By: John Miner | Updated: 2018-01-09 | Comments (4) | Related: > Azure SQL Database
Problem
The process of classifying a company into an industry segment has been around since the 1950s. Wikipedia has listed several popular taxonomies that are in current use. Some industries are more regulated and have stricter compliance regulations than others. As a database administrator, how can we provide an audit trail to a compliance officer when a security issue has occurred?
Solution
Azure SQL database now supports audit logs stored in a blob storage container. If your company is very innovative, you might have been notified that table storage for audit logs was deprecated in April 2017. In fact, there is no support for this logging type in the Azure Portal.
Business Problem
The medical industry has to comply with the Health Insurance Portability and Accountability Act of 1996 (HIPAA). If you are interested, detailed information can be found on the Department of Health and Human Services website. I am going to create a very simple database schema for a fictitious urgent care center called The Last Stop. Our boss has asked us to create a proof of concept showcasing auditing in Azure using blob storage.
How can we solve this business problem?
Basic Azure Objects
We are going to use a combination of techniques that we learned in prior articles to accomplish the following tasks.
Task | Description |
---|---|
1 | Use PowerShell to sign into Azure. |
2 | Create a resource group. |
3 | Create a logical Azure SQL Server. |
4 | Create an Azure SQL database. |
5 | Create a firewall rule for access. |
6 | Create a storage account |
The first five steps were covered in my tip named Deploying Azure SQL Database Using Resource Manager PowerShell cmdlets. I suggest that you try building these scripts on your own so that you learn the cmdlets. However, I will be supplying a complete set of working scripts at the end of the article.
I have chosen to create a resource group named rg4tips17 in the East US region. This group will contain all the other objects we create in Azure. The logical Azure SQL server is called mssqltips17 and the Azure SQL database is aptly named hippa. Last but not least, you can go to any search engine and type my ip to figure out the public facing ip address of your computer. Enter this address into our cmdlet to create a firewall rule named fr4laptop.
At this time, we should be able to access the database using our favorite tool.
The last step is to create a storage account, which is covered in my tip called Using Azure to store and process large amounts of SQL data.
Defining the Azure SQL Database
I am going to use SQL Server Management Studio to manage my new Azure SQL server. We need to connect to the server to create the database schema. Choose the database engine as the server type. Enter the fully qualified name of the Azure SQL Server. Pick SQL Server authentication as the security option and supply the login/password of the server administrator. The image below shows a typical connect to server login window.
Right now, there is one custom user defined database. By default, you should be in the master database. Open a new query window and switch the database context using the drop down to the hippa database. Execute the script sample-hippa-database.sql.
The end result of the execution is three tables in the active schema. Please see image below.
The patient_info table contains patients that visit the clinic and the doctor_info table contains doctors that saw the patient. The visit_info table has the overall medical readings taken during the visit as well as a medical diagnosis.
If we take a closer look at the system objects, we can see that each of the three tables have a surrogate primary key. The visit_info table is used to join all tables together with foreign key relationships.
I forgot to mention that the Human Resources department at this center is very bad at recruiting qualified doctors. We have the top ten most evil doctors of all time on our payroll. Now you know why the center is nick named The Last Stop.
Now that we had a little fun, it is time to restate the obvious. We are working with just a sample database with sample data contained within sample tables.
However, I did use staging tables with various real data sets to randomly create patient and visit information. These tables were removed at the end of the script as a cleanup task. In fact, a variable inside the script can be used to determine the number of records created for each table.

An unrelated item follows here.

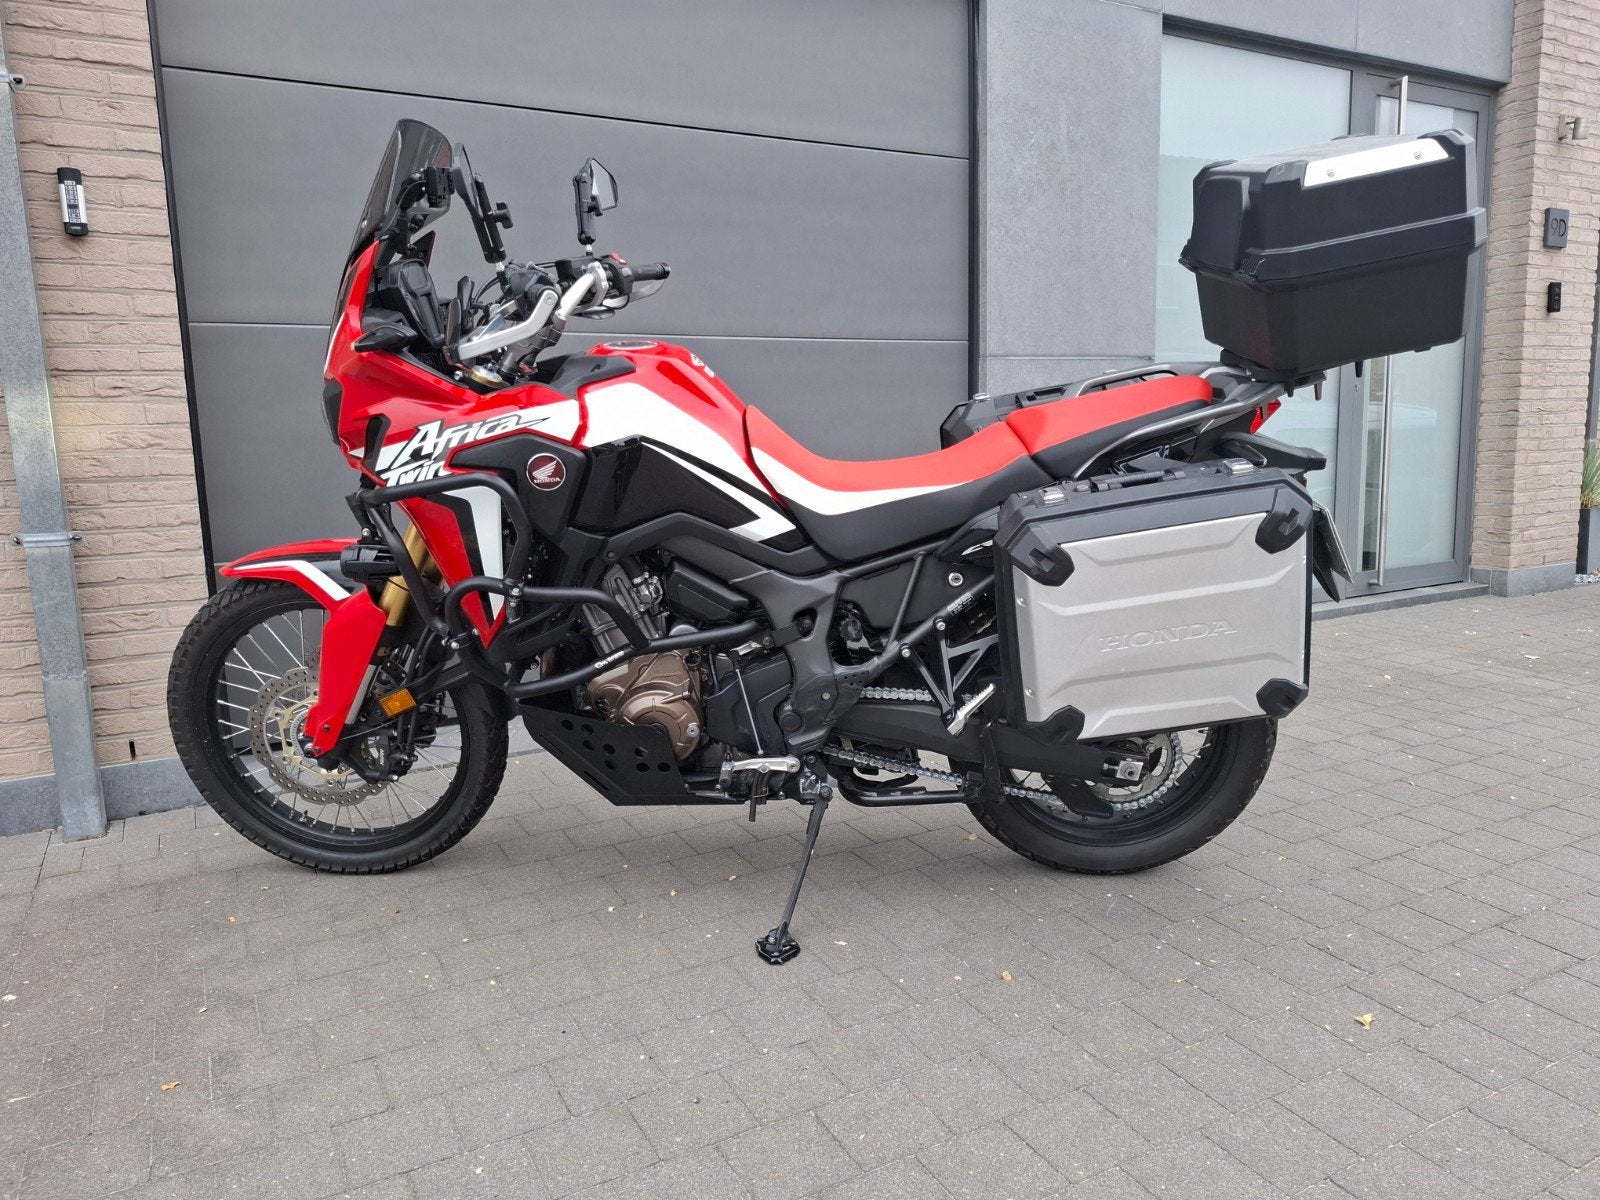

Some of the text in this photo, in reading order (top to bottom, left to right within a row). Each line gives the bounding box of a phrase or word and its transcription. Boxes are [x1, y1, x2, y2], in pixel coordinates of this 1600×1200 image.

For this tip, I created only 20 records and showed 10 records in each of the screen shots below.
The screen shot below shows some of the records from the patient_info table.
To round out our data exploration, the visit_info table joins doctors to patients. These foreign keys are at the end of the table and not shown in the screen shot below.
To recap, the hippa database is a great candidate for auditing using blob storage.
Using the Azure Portal or PowerShell cmdlets
What is the best way to deploy my solution? There is no wrong answer for this question. It all depends on how repeatable you want the deployment to be. I am going to use a combination of both in this tip.
By default, server level and database level auditing are turned off. Please see the image below taken from the Azure portal. If you turn both on for a particular database, you will have entries in both audit files. There are some scenarios in which you might want to have both.
However, today we are going to focus on database level auditing.
Microsoft provides the script developer with a PowerShell cmdlet to view database auditing.
The Get-AzureRmSqlDatabaseAuditing cmdlet returns the auditing settings of a given Azure SQL database. I am passing the resource group, server name and database name as parameters to the call.
# # View current database auditing # # Show database auditing Get-AzureRmSqlDatabaseAuditing ` -ServerName "mssqltips17" ` -DatabaseName "hippa" ` -ResourceGroupName "rg4tips17"
The output from the PowerShell Integrated Scripting Environment (ISE) shows auditing on this database as disabled.
Again, Microsoft provides the script developer with a PowerShell cmdlet to enable or disable database auditing.
The Set-AzureRmSqlDatabaseAuditing cmdlet changes the auditing settings of a given Azure SQL database. I am passing the resource group, server name, database name, storage account, and state indicator as parameters to the call.
# # Enable database auditing # # Enable auditing (has to be Generic storage) Set-AzureRmSqlDatabaseAuditing ` -State Enabled ` -ResourceGroupName "rg4tips17" ` -ServerName "mssqltips17" ` -StorageAccountName "sa4tips17" ` -DatabaseName "hippa"
The output from the PowerShell Integrated Scripting Environment (ISE) shows auditing on this database as enabled. By default, three action groups are chosen for us. This default setting audits successful and failed logins as well as any completed transaction SQL batches.
If we take a look at the auditing settings for the Azure SQL database named hippa, we can see that auditing files will be generated and saved in our blob storage account.
In summary, auditing can be enabled, disabled or viewed from both the Azure Portal and Azure Resource Manager PowerShell cmdlets. Now that we have auditing enabled, lets setup tests for the three different audit action groups.
Audit records for DML Statements
The purpose of auditing is to have a record of each action that was performed on the database. The previous screen shot shows the details of the Audit & Threat Detection blade. Once auditing is enabled, the view audit logs menu option appears.
Again, there are two different possible audit types. Please choose the database audit as the source. The image below shows the portal view of the audit records. Since we have not performed any actions since enabling logging, the window shows zero audit records.
I am going to start testing how each of the four Data Manipulation Language (DML) statements gets logged. My first test choice is the SELECT statement. The T-SQL snippet below is a general search for all patients with the last name of SCOTT.
-- Audit - Select select * from active.patient_info where last_name = 'SCOTT' go
The output in the results window of SSMS show three matching patients.
If we take a look at the audit record, we see a bunch of information that identifies the user. We can see that jminer is accessing the database using SSMS from a client that has an IP of 100.10.71.147. We also see the actual statement that was executed against the database engine. However, the data returned by the engine to the client is not captured.
My second test choice is the INSERT statement. The T-SQL snippet adds a new visit record for the patient named TAYLOR SCOTT.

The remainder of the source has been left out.